[Opening Dataset entries section]

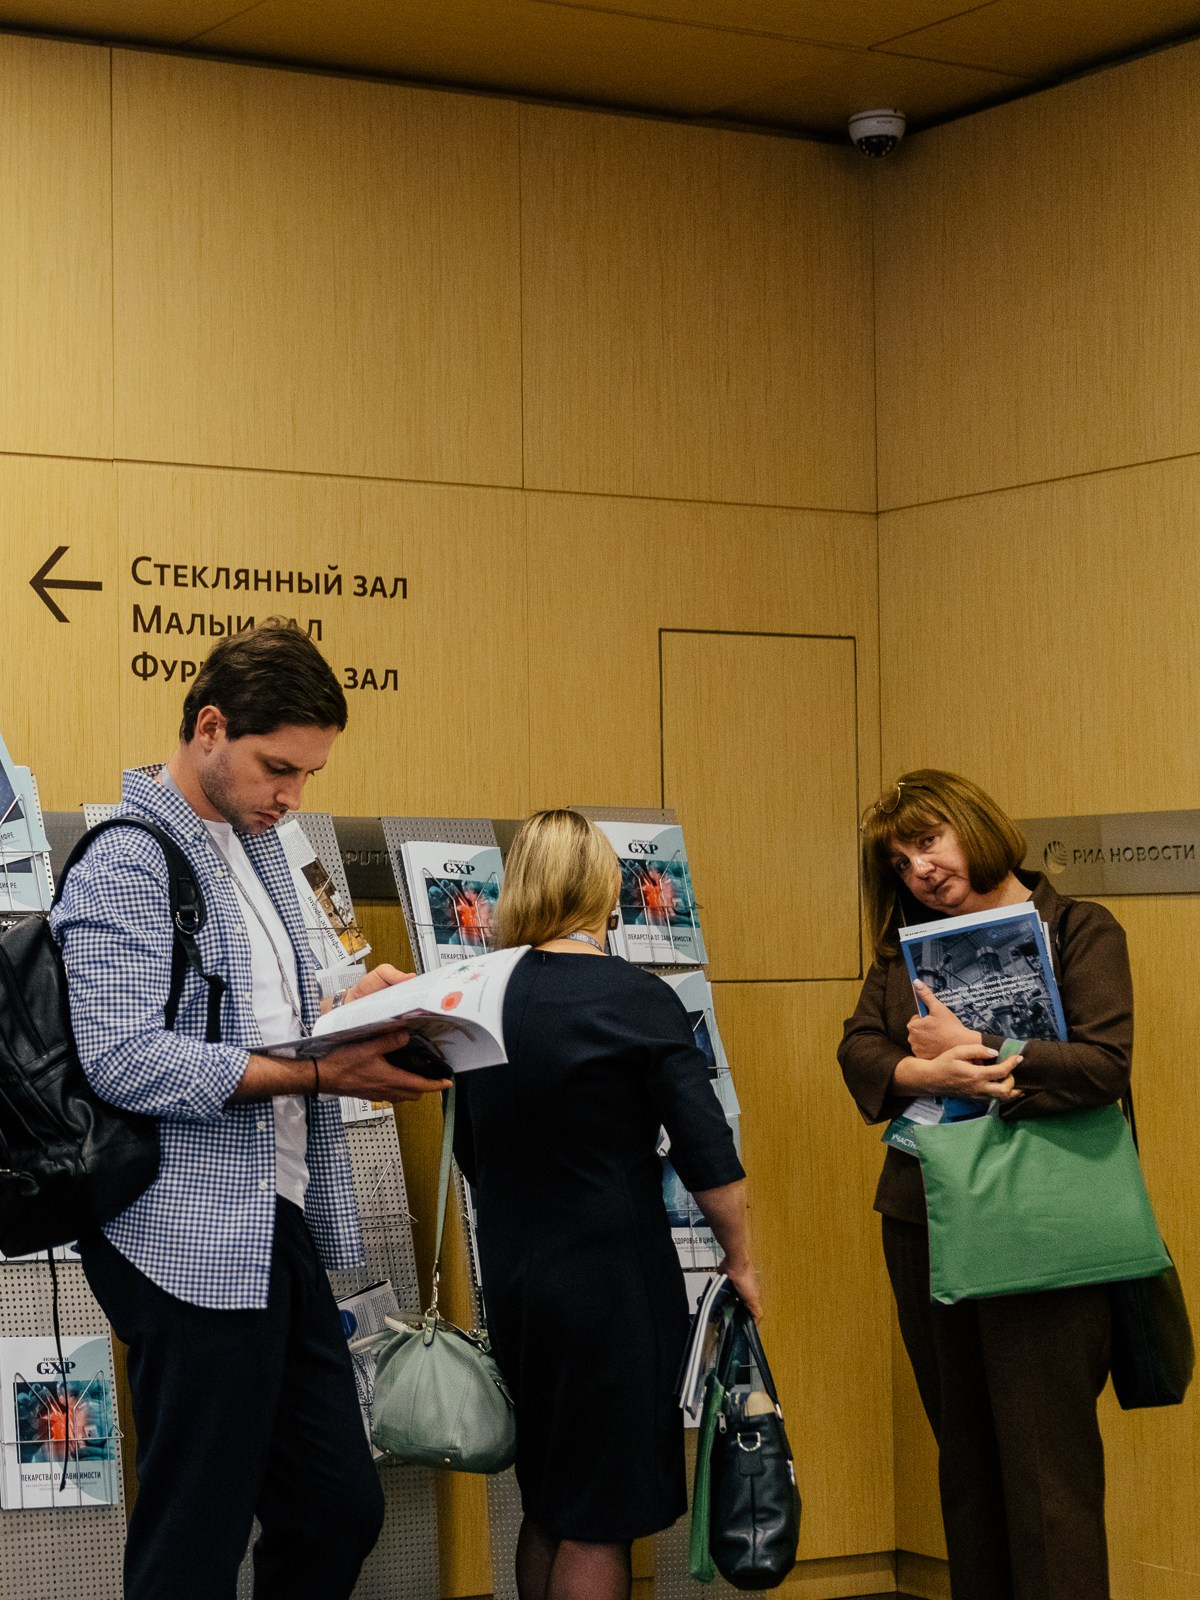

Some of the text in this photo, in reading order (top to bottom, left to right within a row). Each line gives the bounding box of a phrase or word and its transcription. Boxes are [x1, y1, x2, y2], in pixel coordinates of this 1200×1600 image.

[628, 842, 659, 855] GXP
[1072, 844, 1196, 865] РИА НОВОСТИ
[443, 862, 475, 876] GXP
[36, 1361, 76, 1375] GXP
[62, 1471, 102, 1480] АВИИМОСТИ

[Closing Dataset entries section]

Exercise brief | When you reproduce the entries above, keep every word exact and leave the images out.

Exercise answer |
Some of the text in this photo, in reading order (top to bottom, left to right within a row). Each line gives the bounding box of a phrase or word and its transcription. Boxes are [x1, y1, x2, y2], in pixel coordinates of this 1200×1600 image.

[628, 842, 659, 855] GXP
[1072, 844, 1196, 865] РИА НОВОСТИ
[443, 862, 475, 876] GXP
[36, 1361, 76, 1375] GXP
[62, 1471, 102, 1480] АВИИМОСТИ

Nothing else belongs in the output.